Theranostics is a new trend in the tumor research field, which involves the integration of diagnostic and therapeutic functions using imageable nanoparticles coupled with therapeutic drugs. Imaging-guided targeted delivery of therapeutics and diagnostics using nanocarriers hold great promise to minimize the side effects of conventional chemotherapy. Ultrasound microbubbles have been employed as theranostic agents over the last decade, which provide both real-time dynamic imaging for diagnosis and precise control for targeted tumor therapy.
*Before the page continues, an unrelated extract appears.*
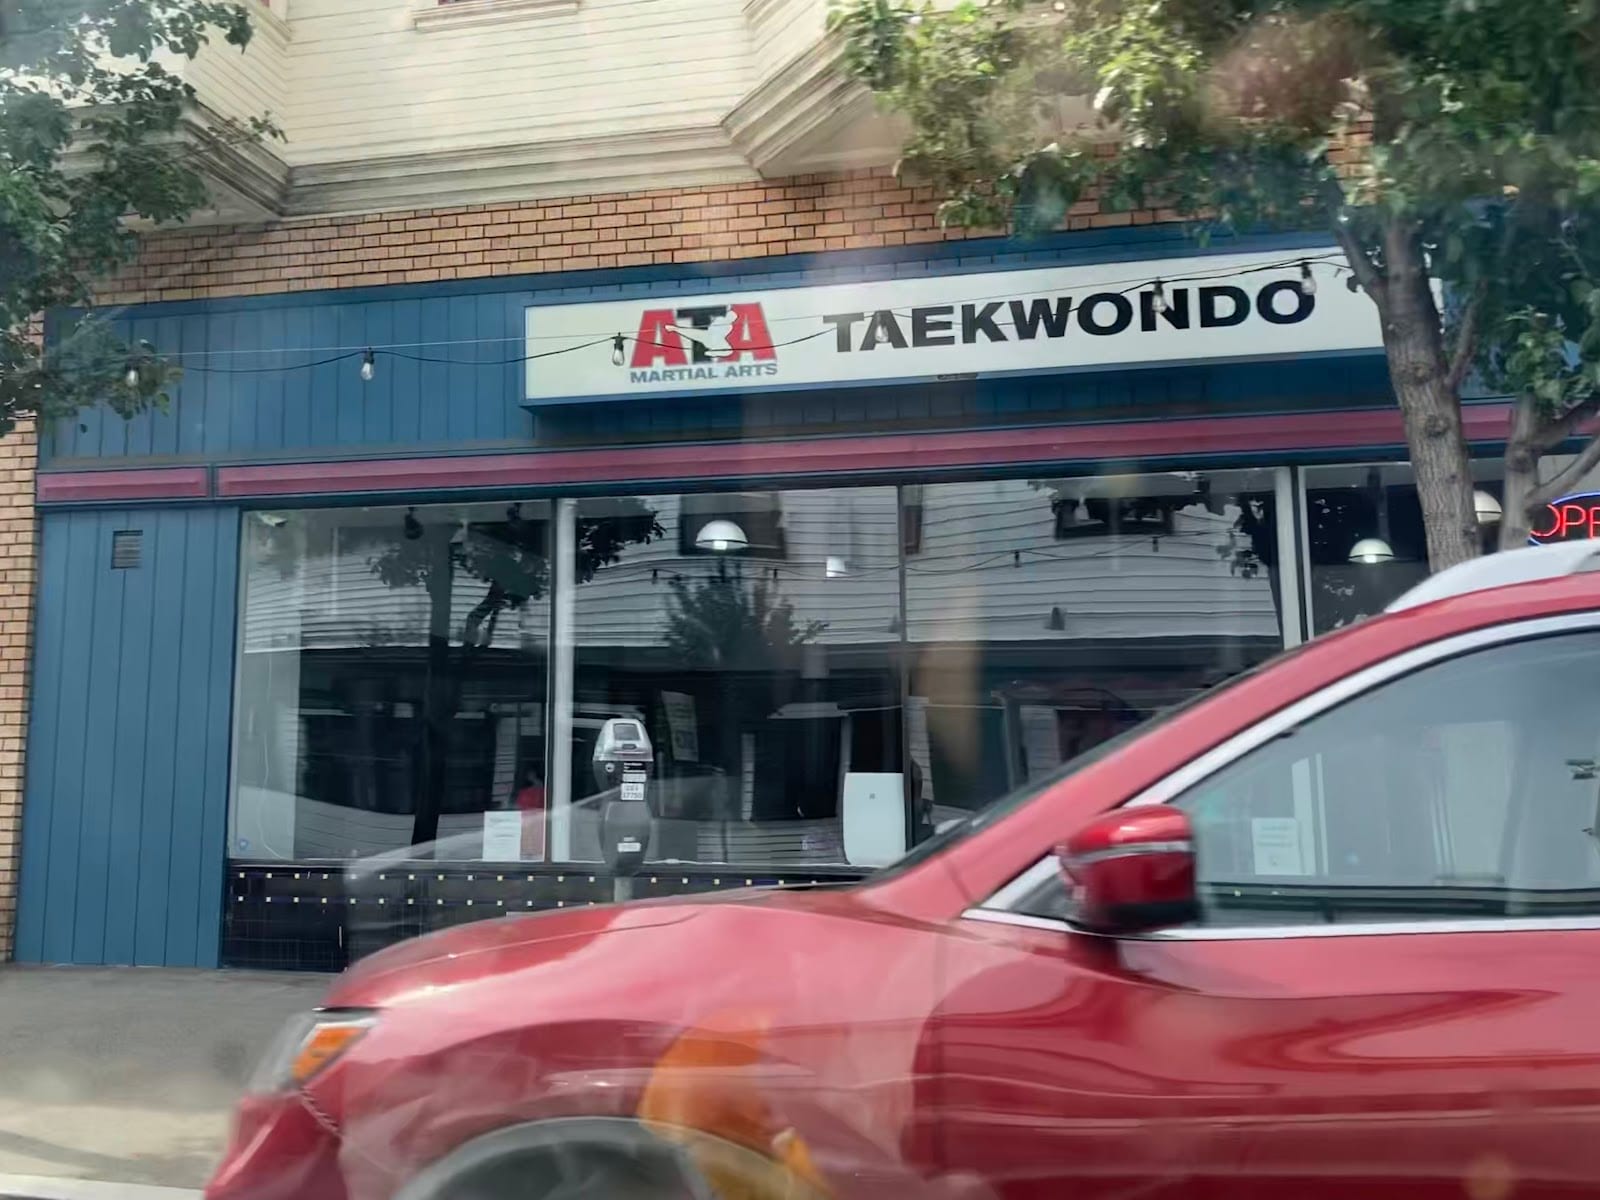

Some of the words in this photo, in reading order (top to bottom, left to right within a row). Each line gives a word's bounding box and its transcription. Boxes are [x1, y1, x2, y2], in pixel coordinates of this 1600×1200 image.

However, the intrinsic defects of microbubbles such as poor tissue penetration, short circulation time and instability hinder microbubble-based theranostic applications. In recent years, liquid-to-gas transitional perfluorocarbon nanoparticles have been developed as promising diagnostic and therapeutic nanoagents to solve the abovementioned problems. In this study, phase-changeable, folate-targeted perfluoropentane nanodroplets loaded with 10-hydroxycamptothecin (HCPT) and superparamagnetic Fe ₃ O ₄ (denoted as FA-HCPT-Fe ₃ O ₄ -PFP NDs) are prepared and investigated for multimodal tumor imaging and targeted therapy. After intravenous administration into nude mice bearing SKOV3 ovarian cancer, FA-HCPT-Fe ₃ O ₄ -PFP NDs exhibit the ability to enhance MR and PA imaging. Furthermore, after the phase transition activated by low-intensity focused ultrasound (LIFU) sonication, FA-HCPT-Fe ₃ O ₄ -PFP NDs remarkably enhance US imaging at the tumor location. Meanwhile, the HCPT released from FA-HCPT-Fe ₃ O ₄ -PFP NDs during the liquid-to-gas transition provides a therapeutic effect on tumor cells with relatively low side effects to normal tissue. Therefore, the combination of LIFU and FA-HCPT-Fe ₃ O ₄ -PFPNDs presents an ideal modality for tumor-targeted theranostics.